Last year, in the sixteenth-anniversary issue of this magazine, I wrote that the narrative on the Indian economy was turning over-pessimistic. Although things weren’t ideal, there were reasons to remain optimistic. I also listed sixteen reasons to feel hopeful about the Indian economy. Now, a year later, the economy is looking up. However, conditions, I repeat, are still not ideal. There’s tremendous scope for doing better by improving the capacity for economic policy-making, making sound decisions, minimising mistakes, building infrastructure, and strengthening institutions and governance. And yet, the economy isn’t gloomy as the narrative a year ago had suggested it would be.
The latest official GDP estimates released on May 31 show the economy grew 7.2 per cent in the financial year 2022-23. (These are provisional estimates and will be refined over the next two years by the government, and then it will release the final estimates.) Economists and experts have put out a variety of takes explaining the strong performance. The factors range from a favourable statistical base in the last quarter of the year (January – March 2023) to the high levels of pent-up demand due to COVID-19 lockdowns that finally broke free.

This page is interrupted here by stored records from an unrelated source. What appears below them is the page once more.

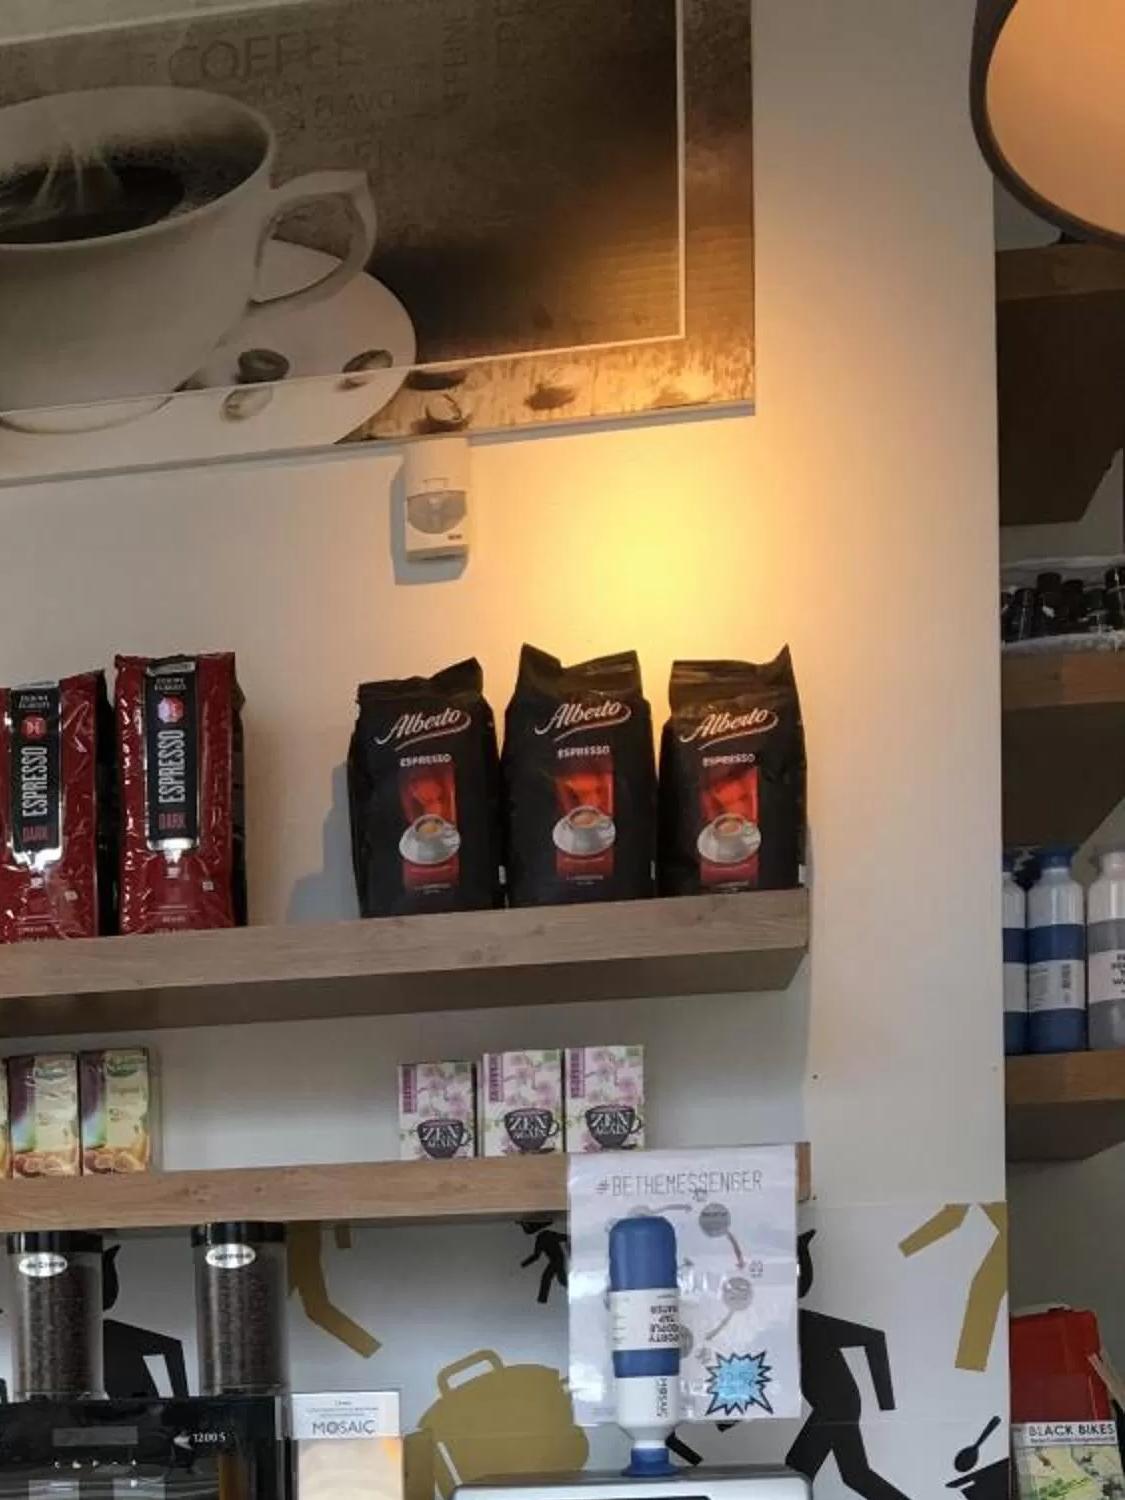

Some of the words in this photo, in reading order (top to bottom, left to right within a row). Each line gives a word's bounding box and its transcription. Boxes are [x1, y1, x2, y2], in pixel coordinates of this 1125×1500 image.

[375, 708, 471, 750] Alberto
[535, 700, 631, 742] Alberto
[679, 707, 778, 749] Alberto
[399, 754, 452, 767] ESPRESSO
[557, 745, 610, 759] ESPRESSO
[702, 753, 756, 767] ESPRESSO
[159, 730, 185, 804] ESPRESSO
[23, 746, 48, 817] ESPRESSO
[595, 1170, 764, 1197] #BETHEMESSENGER
[311, 1419, 376, 1435] MOSAIC
[1028, 1425, 1073, 1437] BLACK
[1078, 1423, 1115, 1435] BIKES
[193, 1433, 218, 1443] 1200

In my view, while all of the explanations have merit, the chief reason why India managed to deliver better-than-expected growth is that oil prices eased considerably. India’s economy is energy-intensive and highly vulnerable to crude oil prices (as demand for petroleum products isn’t price elastic). Basics matter. Whenever oil prices flare up, the economy suffers, and when they ease up, the economy recovers smartly. We saw this oil bonanza for the Indian economy in 2014-15 when global crude oil prices slumped suddenly.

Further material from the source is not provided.